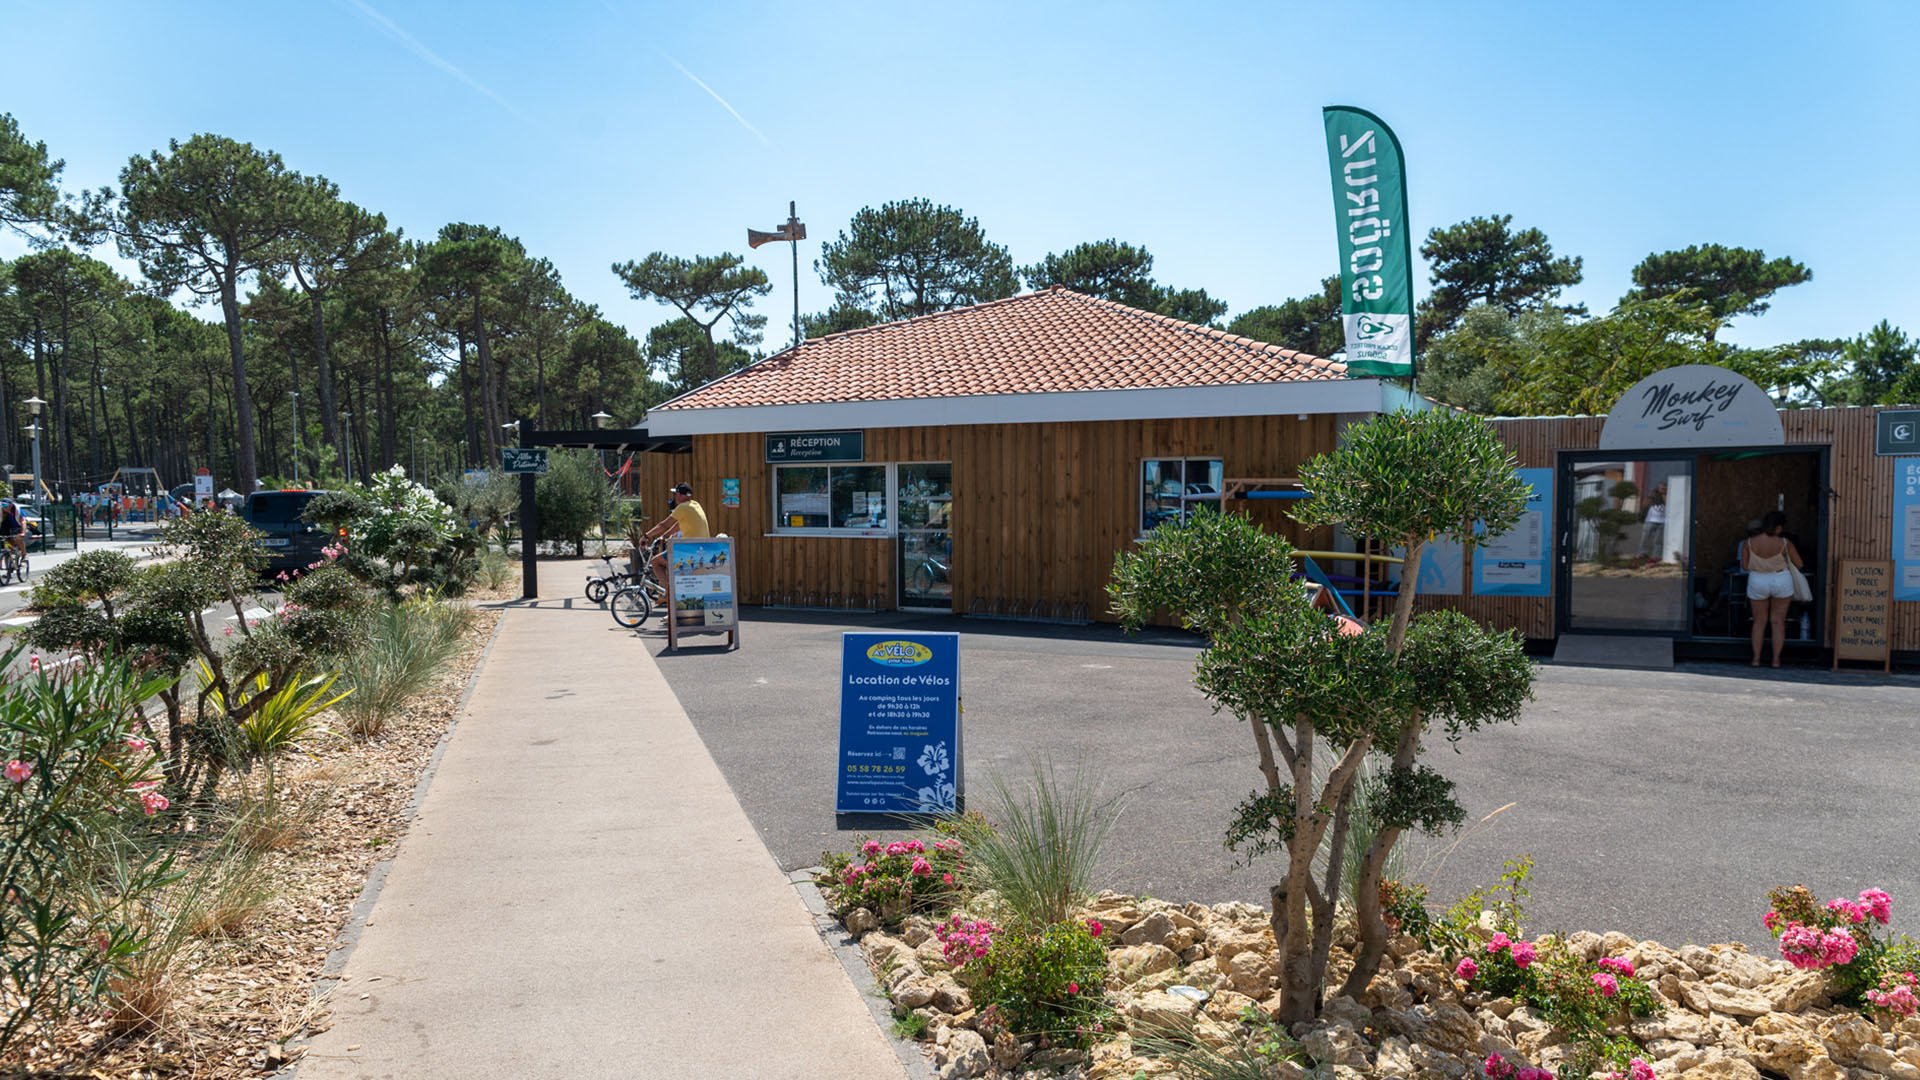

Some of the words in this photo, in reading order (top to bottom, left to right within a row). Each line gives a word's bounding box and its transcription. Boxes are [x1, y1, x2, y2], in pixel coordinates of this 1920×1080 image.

[1642, 380, 1744, 418] Monkey
[1657, 404, 1715, 431] Surf
[790, 436, 841, 447] RÉCEPTION
[790, 448, 822, 458] Reception
[1906, 486, 1916, 496] &
[1850, 567, 1884, 576] LOCATION
[885, 643, 915, 656] VÉLO
[849, 675, 900, 685] Location
[902, 675, 917, 685] de
[919, 674, 950, 685] Vélos
[872, 765, 881, 773] 78
[883, 765, 893, 773] 26
[896, 765, 906, 773] 59
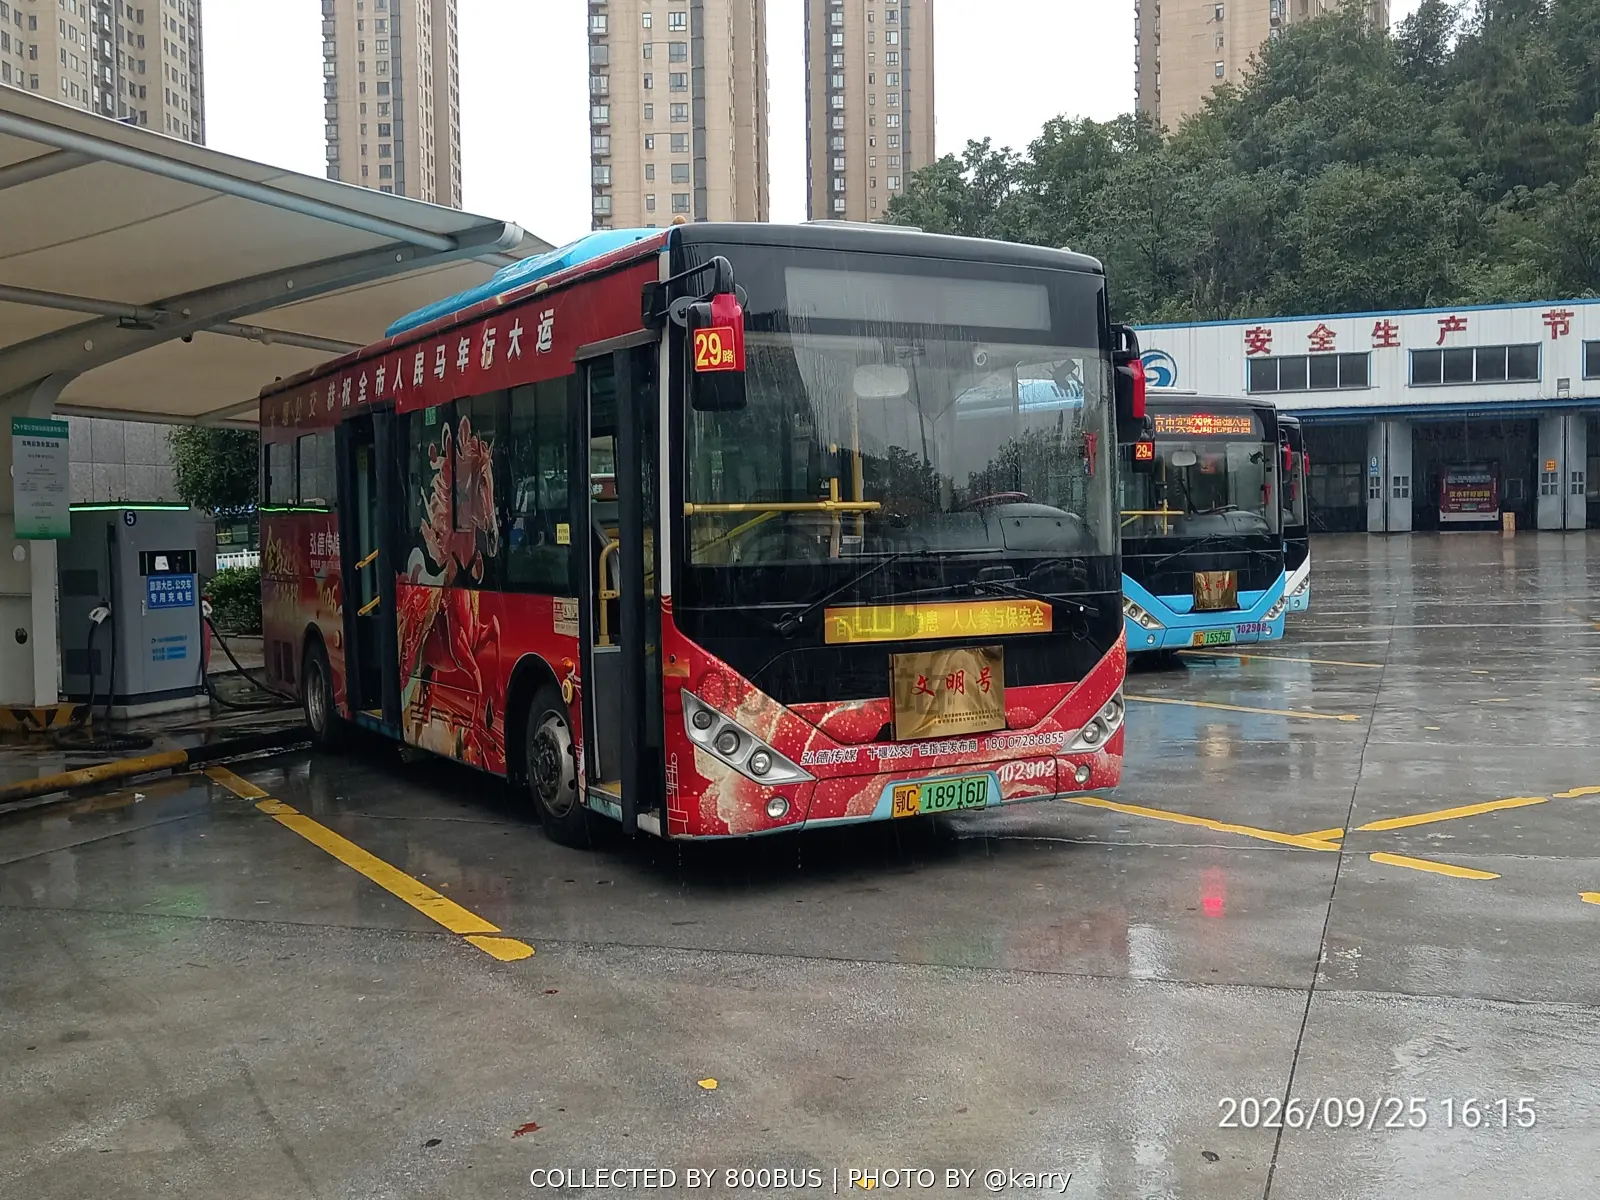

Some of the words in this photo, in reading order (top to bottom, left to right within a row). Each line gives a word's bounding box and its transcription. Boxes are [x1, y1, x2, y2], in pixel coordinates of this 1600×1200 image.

[1244, 314, 1468, 355] 安全生产
[1542, 308, 1575, 340] 节
[696, 332, 734, 367] 29路
[126, 511, 134, 525] 5
[951, 606, 1044, 630] 人人参与保安全
[911, 666, 993, 697] 文明号
[800, 748, 859, 765] 弘德传媒
[867, 738, 978, 760] 十堰公交广告指定发布商
[984, 737, 1005, 751] 180

------------------------------------

No picture belongs in the copy. Print every entry above exactly as it stands.

Some of the words in this photo, in reading order (top to bottom, left to right within a row). Each line gives a word's bounding box and its transcription. Boxes are [x1, y1, x2, y2], in pixel coordinates of this 1920×1080 image.

[1642, 380, 1744, 418] Monkey
[1657, 404, 1715, 431] Surf
[790, 436, 841, 447] RÉCEPTION
[790, 448, 822, 458] Reception
[1906, 486, 1916, 496] &
[1850, 567, 1884, 576] LOCATION
[885, 643, 915, 656] VÉLO
[849, 675, 900, 685] Location
[902, 675, 917, 685] de
[919, 674, 950, 685] Vélos
[872, 765, 881, 773] 78
[883, 765, 893, 773] 26
[896, 765, 906, 773] 59

Some of the words in this photo, in reading order (top to bottom, left to right within a row). Each line gives a word's bounding box and its transcription. Boxes are [x1, y1, x2, y2], in pixel coordinates of this 1600×1200 image.

[1244, 314, 1468, 355] 安全生产
[1542, 308, 1575, 340] 节
[696, 332, 734, 367] 29路
[126, 511, 134, 525] 5
[951, 606, 1044, 630] 人人参与保安全
[911, 666, 993, 697] 文明号
[800, 748, 859, 765] 弘德传媒
[867, 738, 978, 760] 十堰公交广告指定发布商
[984, 737, 1005, 751] 180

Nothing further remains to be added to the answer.